Copy out all of the data word for word. Omit every picture.

Collected data
------------------------------------
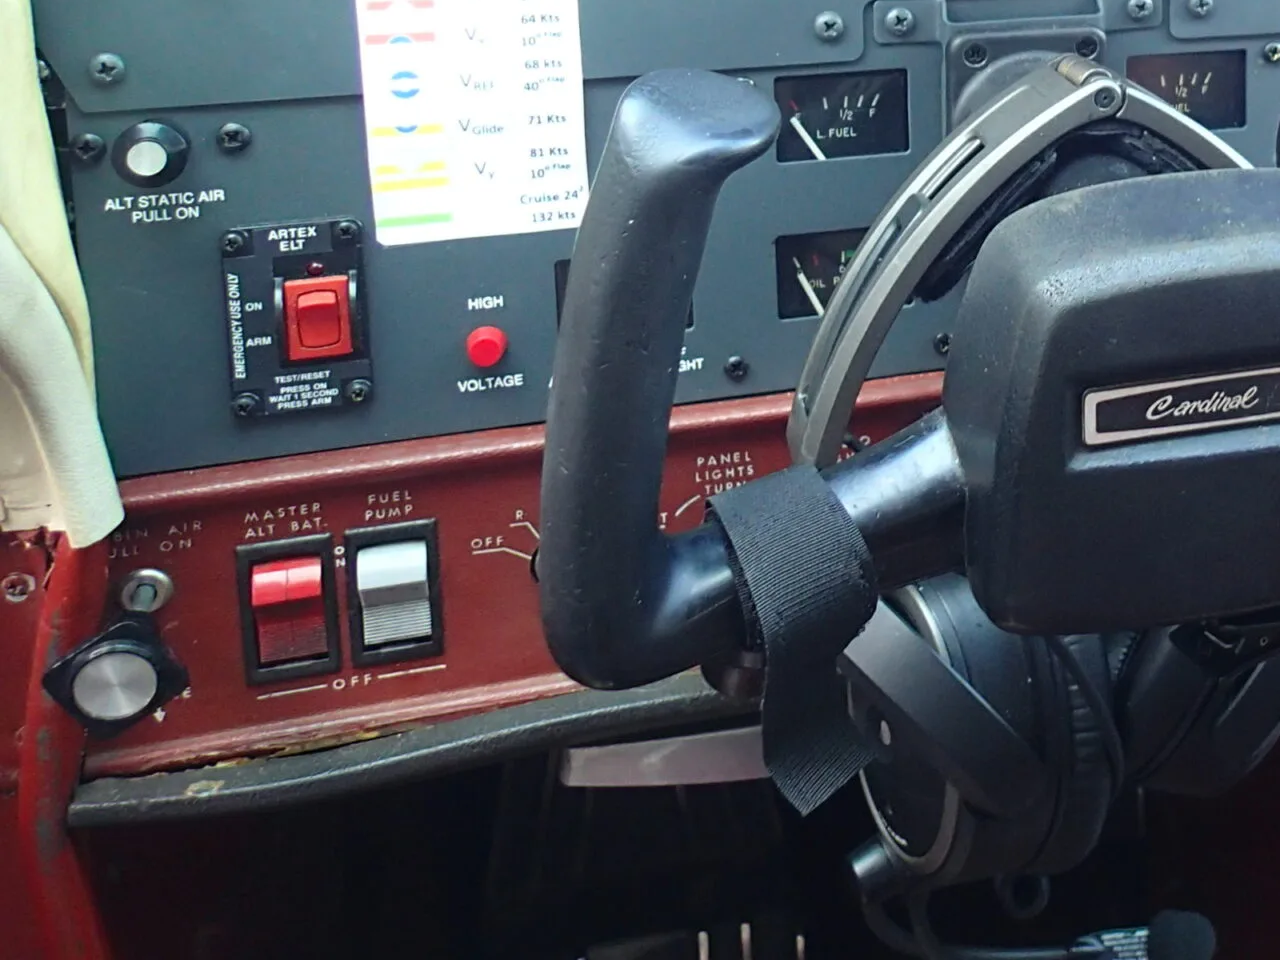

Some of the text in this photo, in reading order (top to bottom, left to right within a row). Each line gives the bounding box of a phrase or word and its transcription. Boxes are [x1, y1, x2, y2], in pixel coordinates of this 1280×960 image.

[828, 128, 857, 138] FUEL
[104, 188, 225, 211] ALT STATIC AIR
[520, 194, 559, 205] Cruise
[132, 206, 200, 224] PULL ON
[268, 226, 317, 240] ARTEX
[279, 240, 306, 252] ELT
[245, 302, 263, 312] ON
[467, 295, 504, 310] HIGH
[227, 273, 246, 379] EMERGENCY USE ONLY
[246, 336, 272, 348] ARM
[274, 370, 331, 384] TEST/RESET
[457, 373, 525, 393] VOLTAGE
[269, 388, 339, 404] WAIT SECOND
[280, 382, 327, 394] PRESS ON
[277, 397, 332, 410] PRESS ARM
[1146, 386, 1259, 420] Cardinal
[697, 451, 751, 467] PANEL
[695, 465, 755, 483] LIGHTS
[367, 490, 413, 506] FUEL
[244, 502, 323, 524] MASTER
[364, 504, 414, 522] PUMP
[515, 509, 525, 521] R
[168, 520, 203, 536] AIR
[244, 524, 277, 540] ALT
[159, 538, 193, 553] ON
[470, 536, 506, 549] OFF
[332, 672, 374, 690] OFF
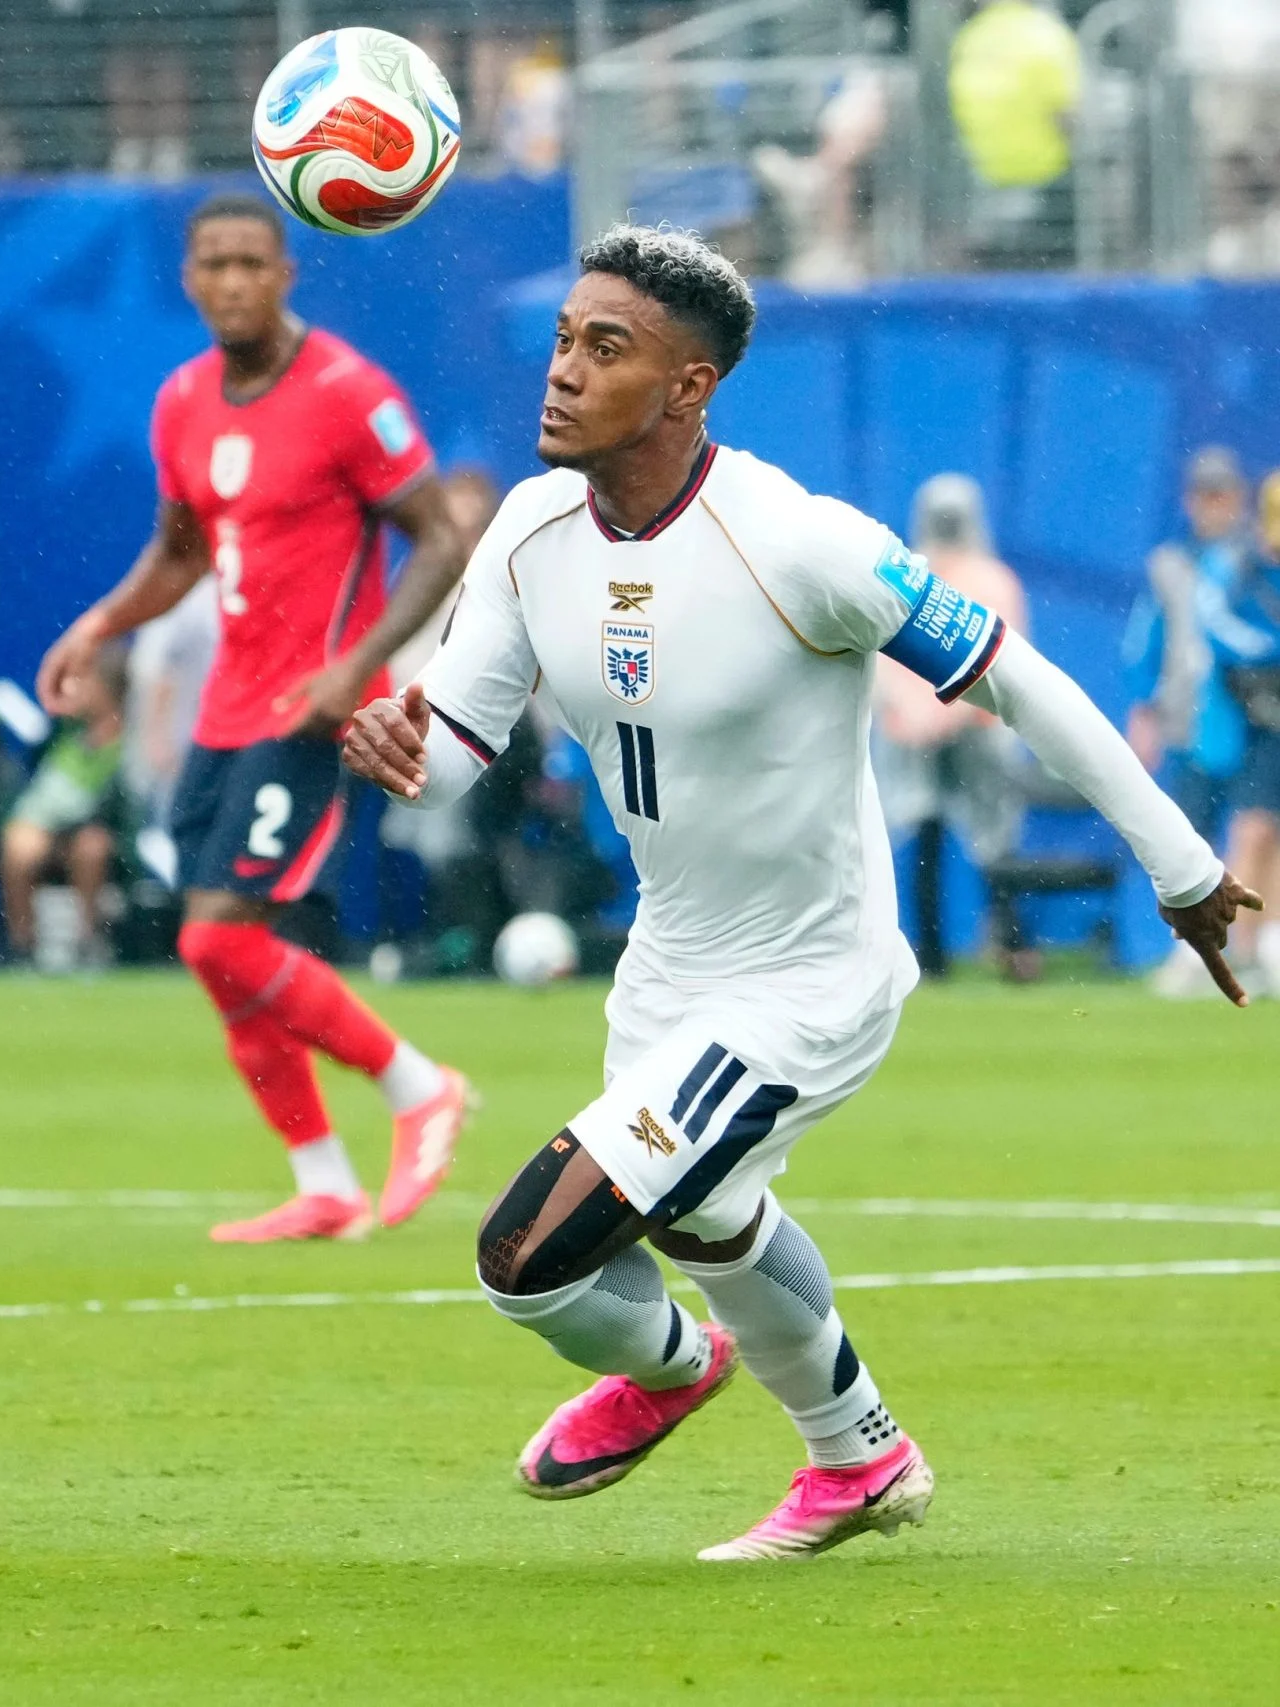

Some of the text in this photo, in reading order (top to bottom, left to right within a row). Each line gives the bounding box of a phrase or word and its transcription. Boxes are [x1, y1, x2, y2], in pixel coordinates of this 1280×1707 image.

[608, 581, 653, 594] Reebok
[940, 627, 960, 651] the
[615, 720, 660, 823] 11
[247, 783, 293, 859] 2
[668, 1041, 749, 1145] 11
[637, 1106, 677, 1154] Reebok
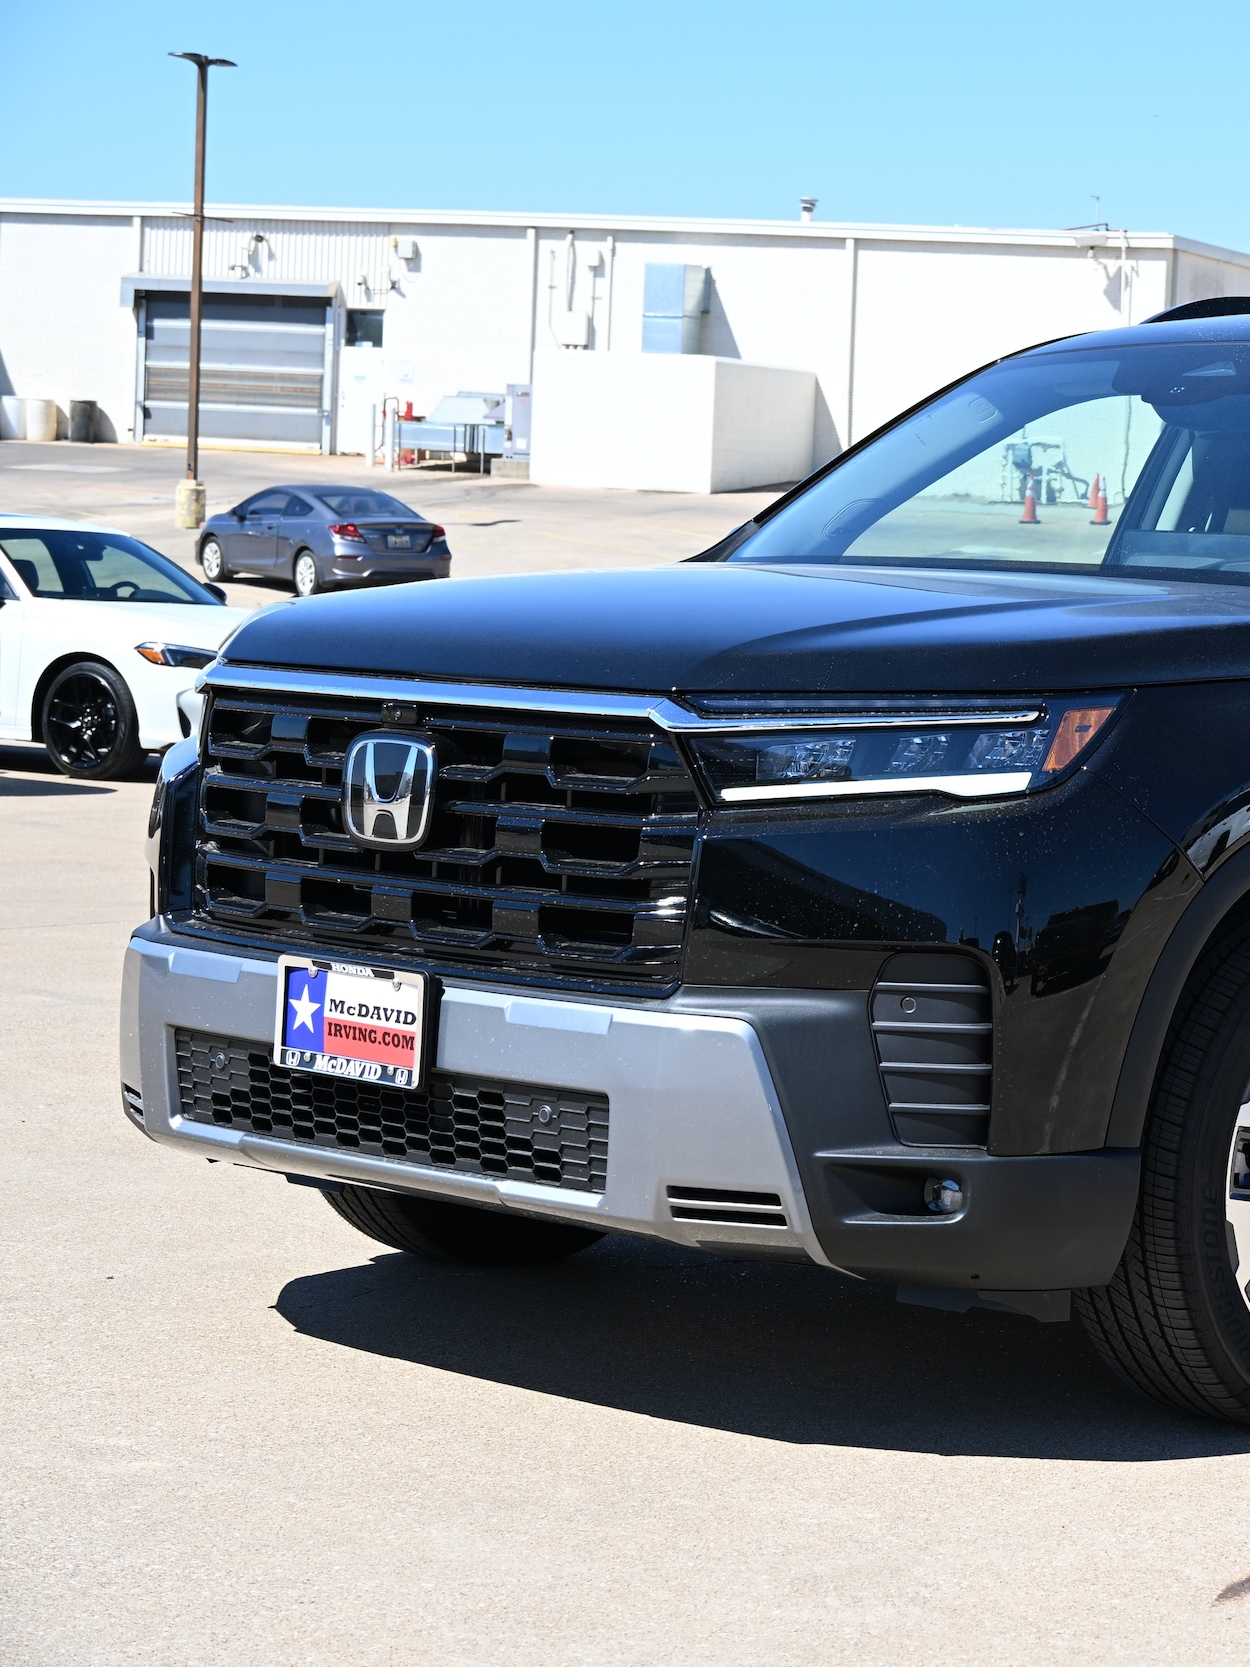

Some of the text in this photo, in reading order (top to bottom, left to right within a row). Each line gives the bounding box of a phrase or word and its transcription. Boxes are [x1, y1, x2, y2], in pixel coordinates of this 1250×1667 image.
------------------------------------
Finished task ▸
Some of the text in this photo, in reading order (top to bottom, left to right within a row). Each line gives the bounding box of a phrase or word and its transcription. Boxes are [x1, y1, x2, y2], in pixel coordinates of this 1280×960 image.

[828, 128, 857, 138] FUEL
[104, 188, 225, 211] ALT STATIC AIR
[520, 194, 559, 205] Cruise
[132, 206, 200, 224] PULL ON
[268, 226, 317, 240] ARTEX
[279, 240, 306, 252] ELT
[245, 302, 263, 312] ON
[467, 295, 504, 310] HIGH
[227, 273, 246, 379] EMERGENCY USE ONLY
[246, 336, 272, 348] ARM
[274, 370, 331, 384] TEST/RESET
[457, 373, 525, 393] VOLTAGE
[269, 388, 339, 404] WAIT SECOND
[280, 382, 327, 394] PRESS ON
[277, 397, 332, 410] PRESS ARM
[1146, 386, 1259, 420] Cardinal
[697, 451, 751, 467] PANEL
[695, 465, 755, 483] LIGHTS
[367, 490, 413, 506] FUEL
[244, 502, 323, 524] MASTER
[364, 504, 414, 522] PUMP
[515, 509, 525, 521] R
[168, 520, 203, 536] AIR
[244, 524, 277, 540] ALT
[159, 538, 193, 553] ON
[470, 536, 506, 549] OFF
[332, 672, 374, 690] OFF

Some of the text in this photo, in reading order (top to bottom, left to right within a row). Each line gives the bounding box of a phrase or word and its transcription. Boxes are [x1, y1, x2, y2], in pixel coordinates of this 1280×1707 image.

[608, 581, 653, 594] Reebok
[940, 627, 960, 651] the
[615, 720, 660, 823] 11
[247, 783, 293, 859] 2
[668, 1041, 749, 1145] 11
[637, 1106, 677, 1154] Reebok

Some of the text in this photo, in reading order (top to bottom, left to right within a row). Each line gives the bounding box of a phrase or word and its transcription. Boxes are [x1, y1, x2, y2], in pixel coordinates of this 1250×1667 image.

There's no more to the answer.